Procedimiento – se aplica el colorante rojo carbol fucsina a un extendido fijado y se calienta suavemente durante varios minutos (el calentamiento aumenta la penetración y la retención del colorante). Luego se enfría el portaobjetos y se lava con agua; a continuación, se trata con ácido-alcohol, un decolorante que elimina el color rojo de las bacterias que no son ácido-alcohol resistentes. Los microorganismos ácido-alcohol resistentes retienen el color rojo porque la carbol fucsina es más soluble en los lípidos de la pared celular que los ácido-alcohol resistentes. En las bacterias que no son resistentes, las paredes carecen de componentes lipídicos y la carbol fucsina se elimina con facilidad, lo que deja las células incoloras. Luego, el extendido se colorea con azul de metileno, que actúa como colorante; las bacterias que no son resistentes aparecen azules después de aplicar el colorante de contraste.
Tinción de esporas – 1. Tinción de Moeller – ácido crómico, fucsina de Ziehl-Neelsen, solución acuosa de clorhidrato de anilina, solución de azul de metileno y alcohol absoluto. Las esporas se observan con objetivo de inmersión y se visualizan color rojo o rosado y las bacterias de color azul. 2. Tinción de Wirtz-Conklin – solución acuosa de verde malaquita y solución acuosa de safranina. Si se observan con el objetivo de inmersión, las esporas se habrán teñido de verde y las bacterias de color rojo intenso.
Tinción de flagelos – en la preparación de la muestra se deben emplear portaobjetos nuevos, limpios y tratados con una mezcla sulfocromática y perfectamente aclarados con agua destilada.

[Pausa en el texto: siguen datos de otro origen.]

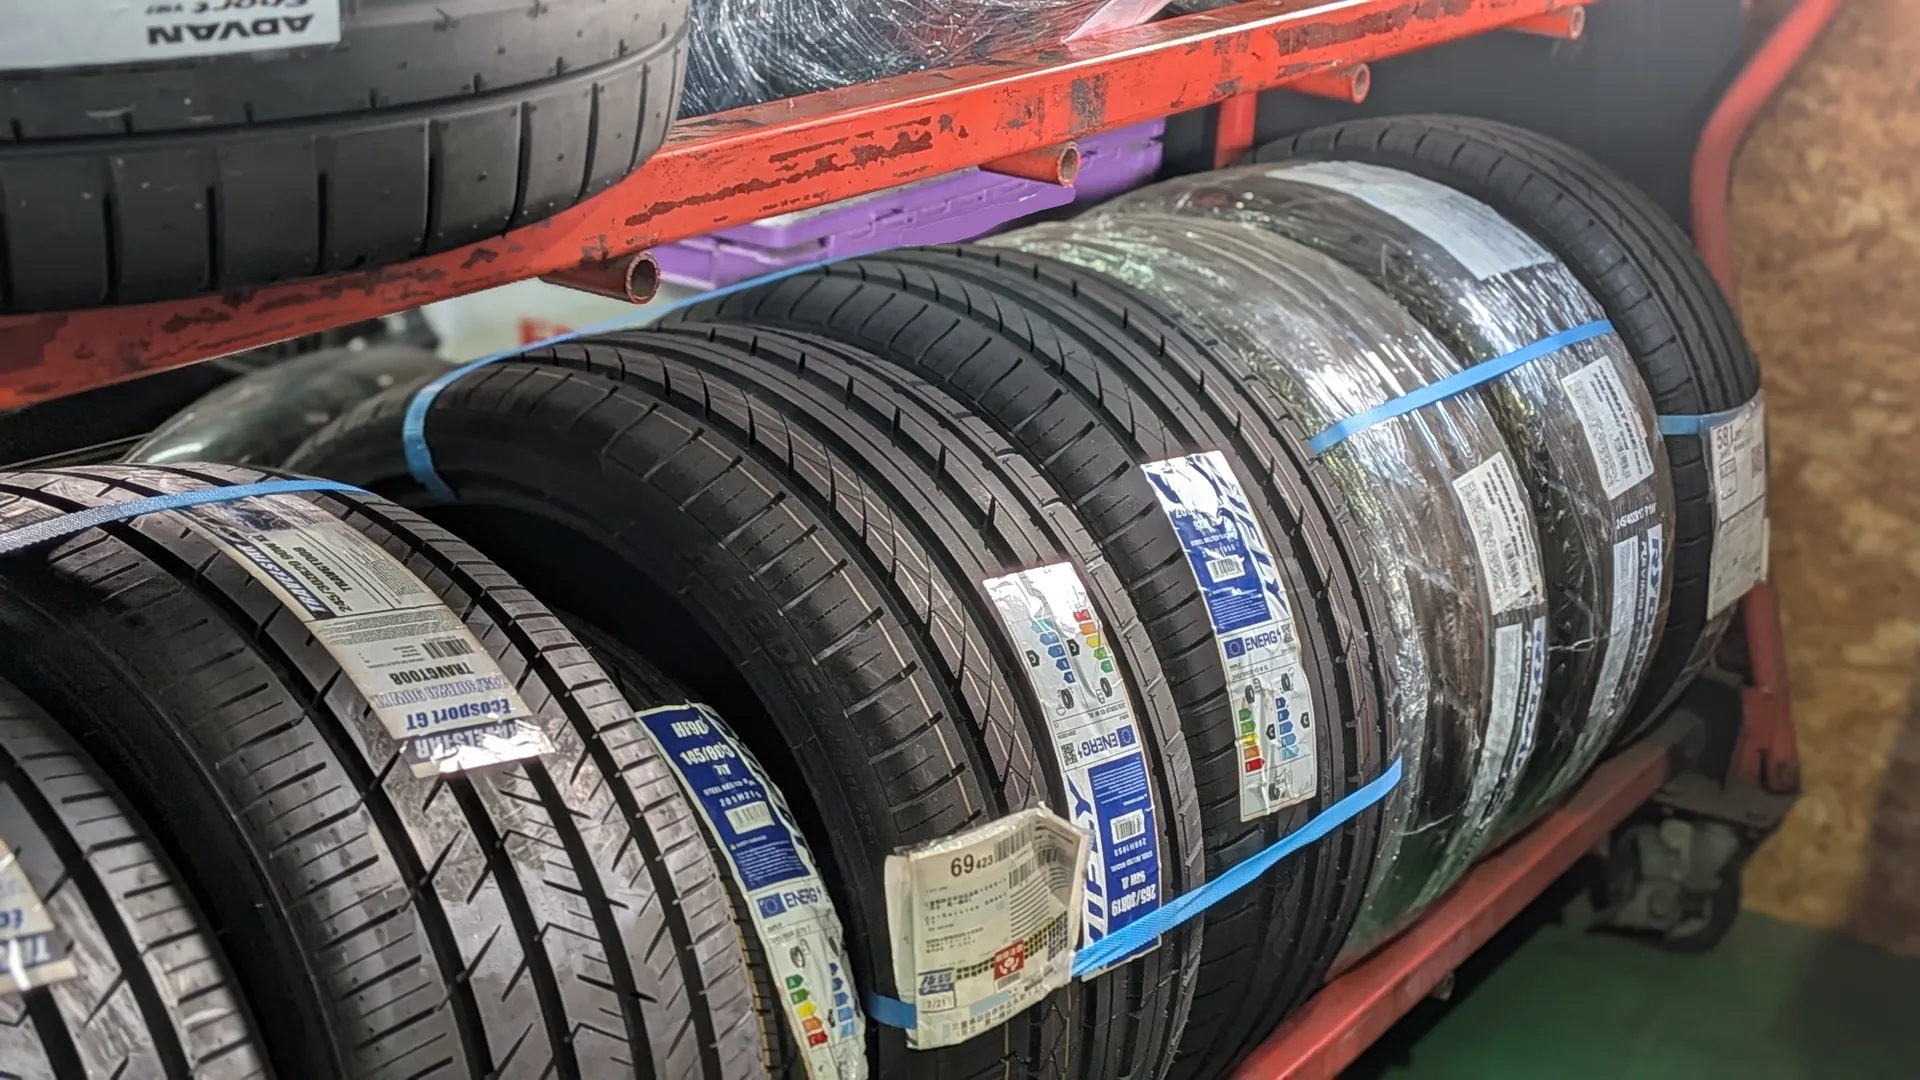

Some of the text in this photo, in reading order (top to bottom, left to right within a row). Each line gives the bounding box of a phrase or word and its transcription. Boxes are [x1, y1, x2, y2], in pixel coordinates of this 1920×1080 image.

[147, 14, 314, 45] ADVAN
[236, 543, 328, 613] TRAVELSTAR
[292, 546, 353, 593] TRAVGT008
[1244, 630, 1279, 651] ENERG
[389, 662, 475, 685] TRAVGT008
[406, 698, 512, 731] Ecosport GT
[1081, 732, 1118, 756] ENERG
[950, 853, 994, 878] 69 423
[1111, 883, 1157, 917] 265/30R19

Tipos: 1. RHODES – mordiente de Rhodes y el nitrato de plata amoniacal. Los flagelos se pueden observar gracias al precipitado negro que se ha depositado en torno a la estructura. 2. Tribondeau – mordiente de Tribondeau y solución de violeta cristal. Los flagelos se ven de color castaño. 3. Leifson – colorante Leifson. Se observan de color rojo o azul negruzco.